> [Exercise goal]
Every entry that follows should be output exactly, and every image in it left out.

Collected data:
____________________

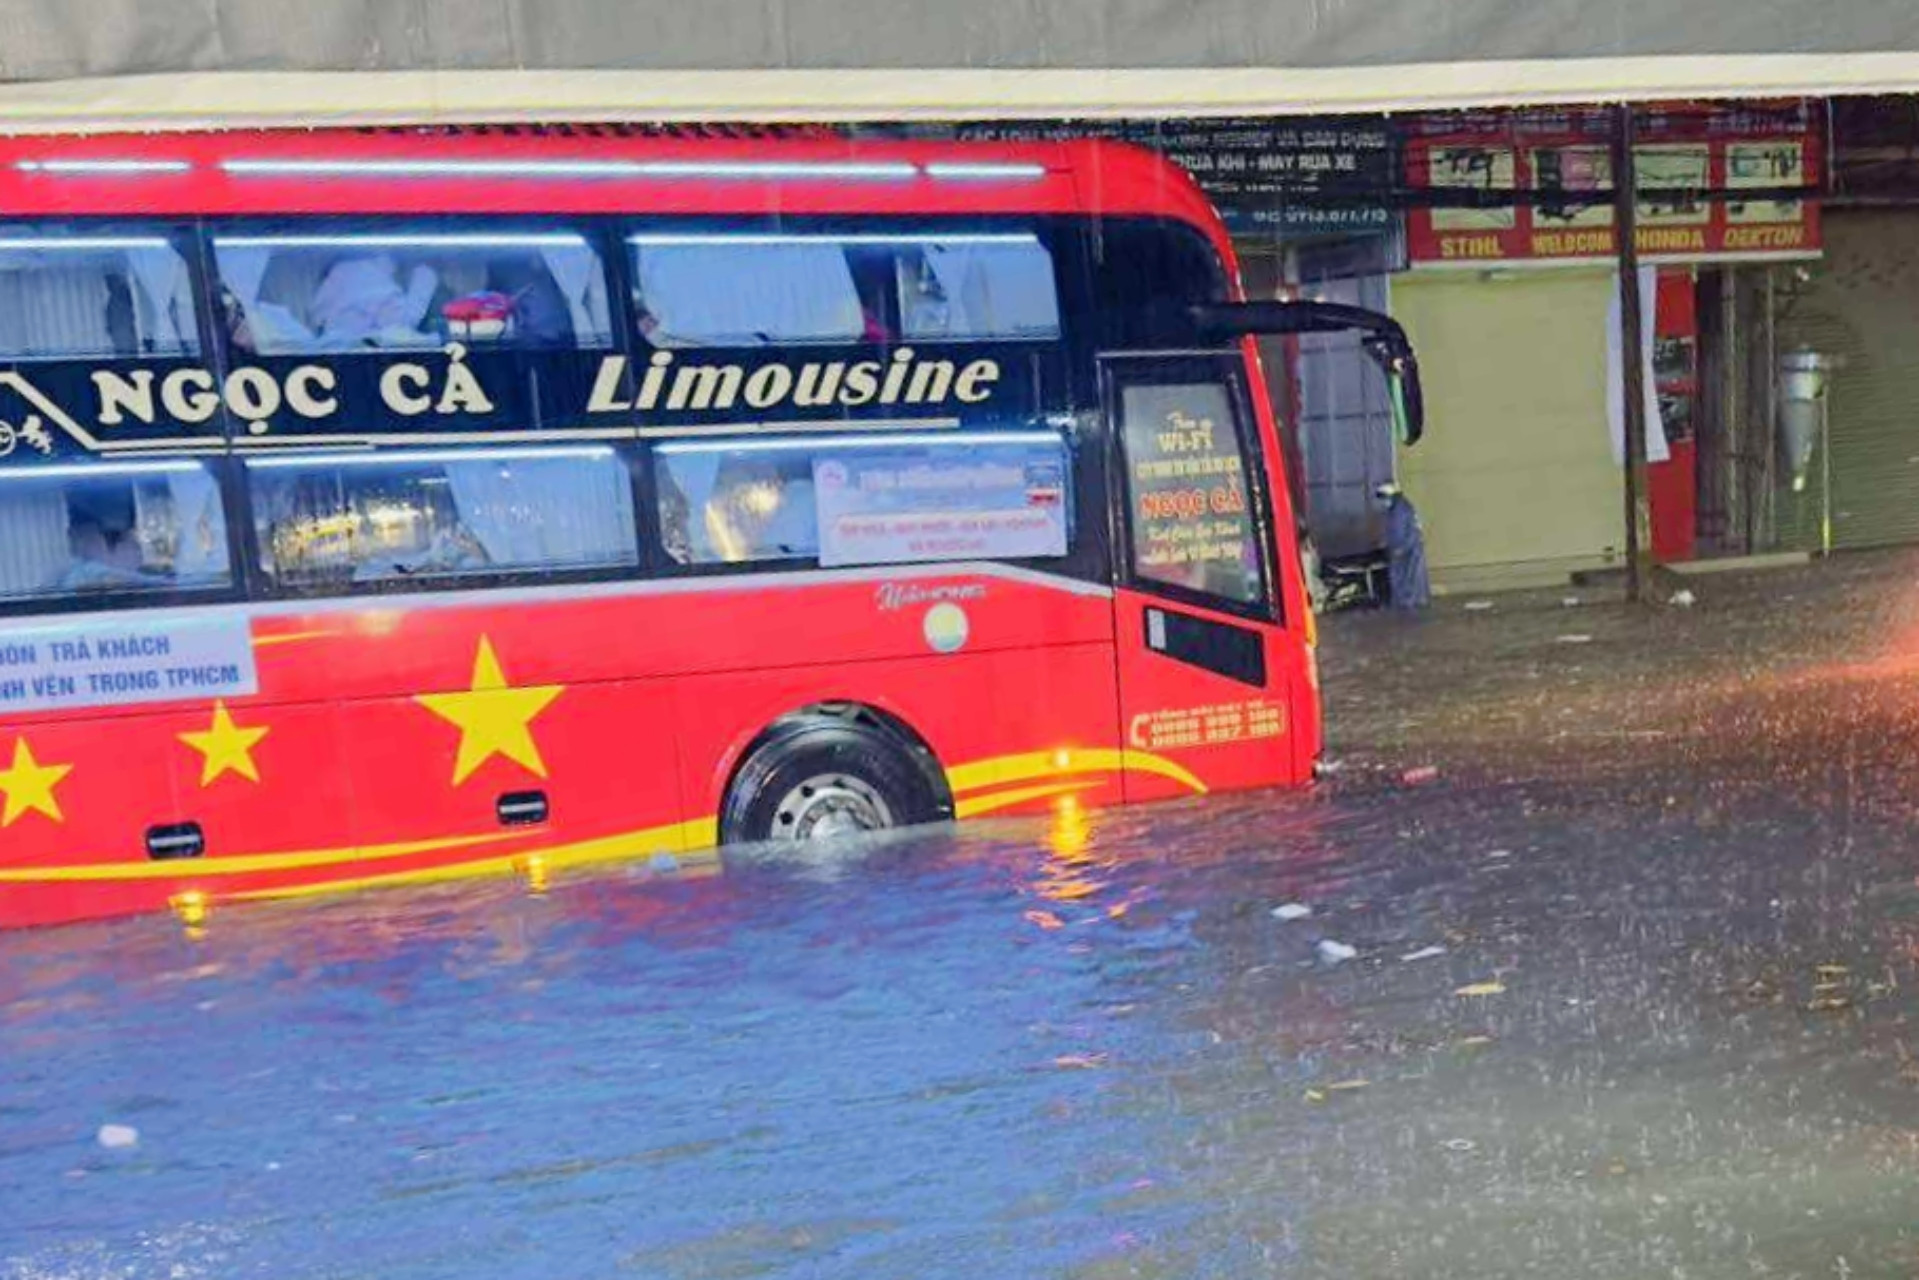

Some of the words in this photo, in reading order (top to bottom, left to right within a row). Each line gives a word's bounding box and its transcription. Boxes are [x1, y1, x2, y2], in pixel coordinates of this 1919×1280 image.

[1440, 235, 1504, 257] STIHL
[1635, 227, 1705, 250] HONDA
[90, 363, 338, 434] NGỌC
[378, 342, 494, 418] CẢ
[586, 346, 999, 413] Limousine
[88, 668, 161, 694] TRONG
[165, 663, 240, 689] TPHCM
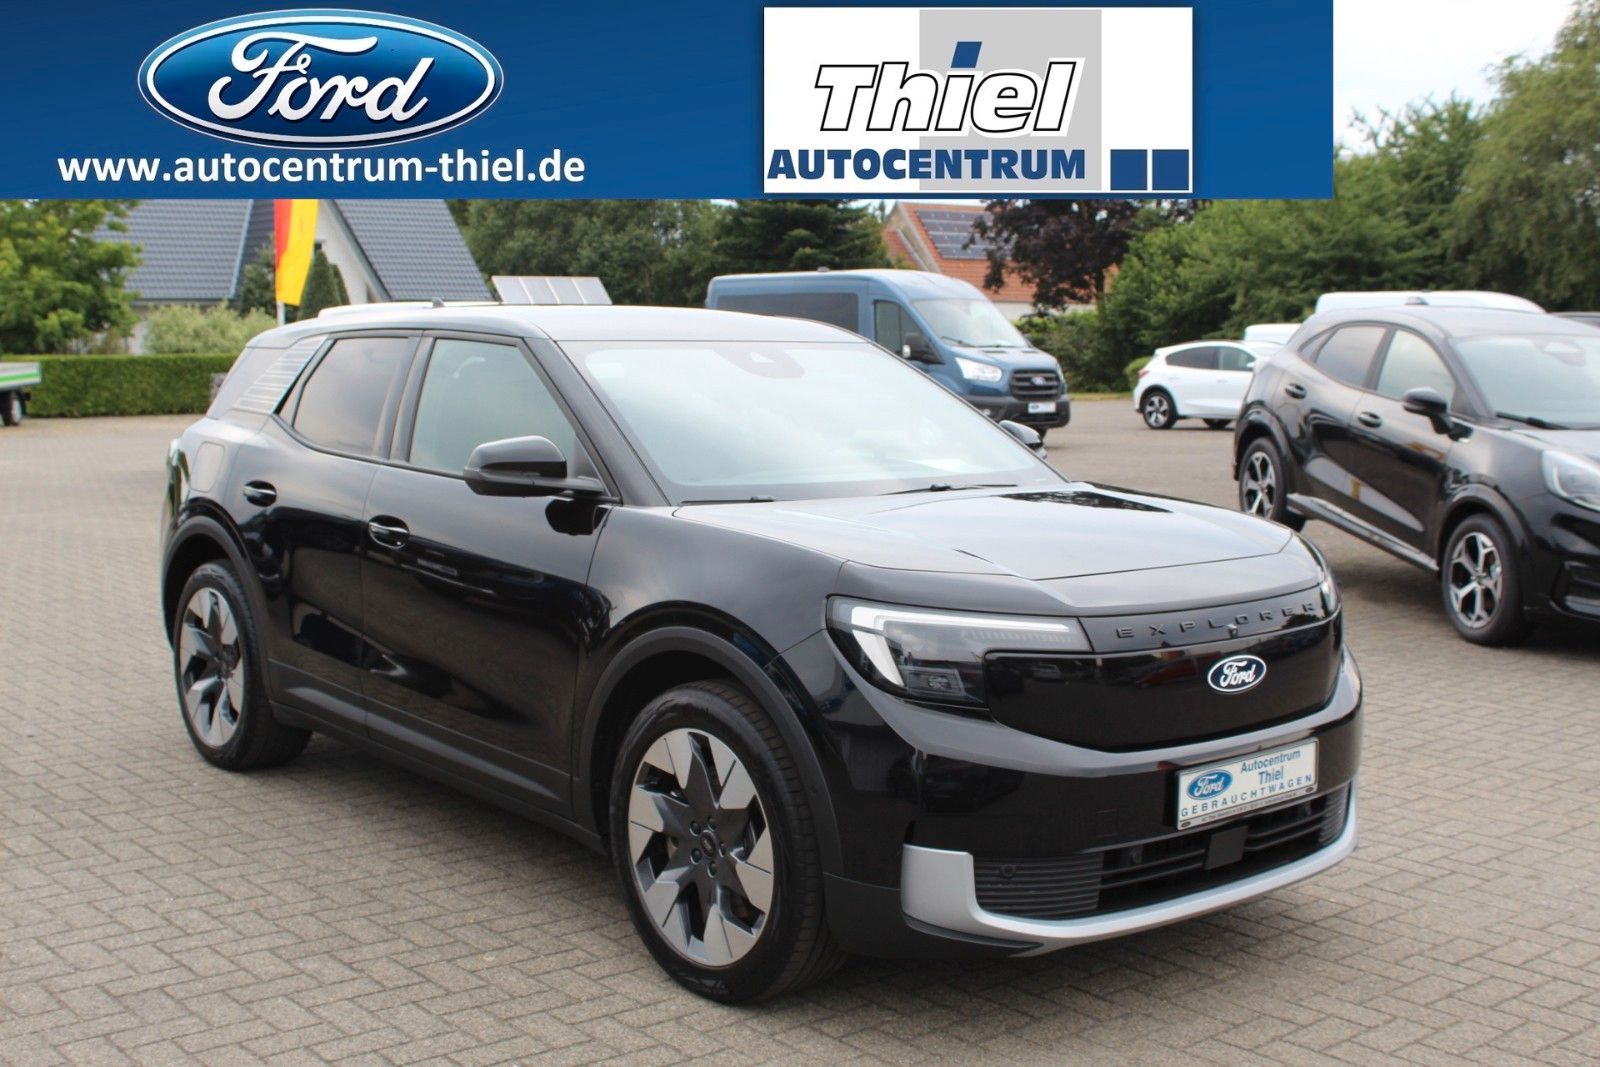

____________________

> [Written response]
Some of the words in this photo, in reading order (top to bottom, left to right within a row). Each line gives a word's bounding box and its transcription. Boxes are [x1, y1, x2, y2], in pixel coordinates of this 1919×1280 image.

[1440, 235, 1504, 257] STIHL
[1635, 227, 1705, 250] HONDA
[90, 363, 338, 434] NGỌC
[378, 342, 494, 418] CẢ
[586, 346, 999, 413] Limousine
[88, 668, 161, 694] TRONG
[165, 663, 240, 689] TPHCM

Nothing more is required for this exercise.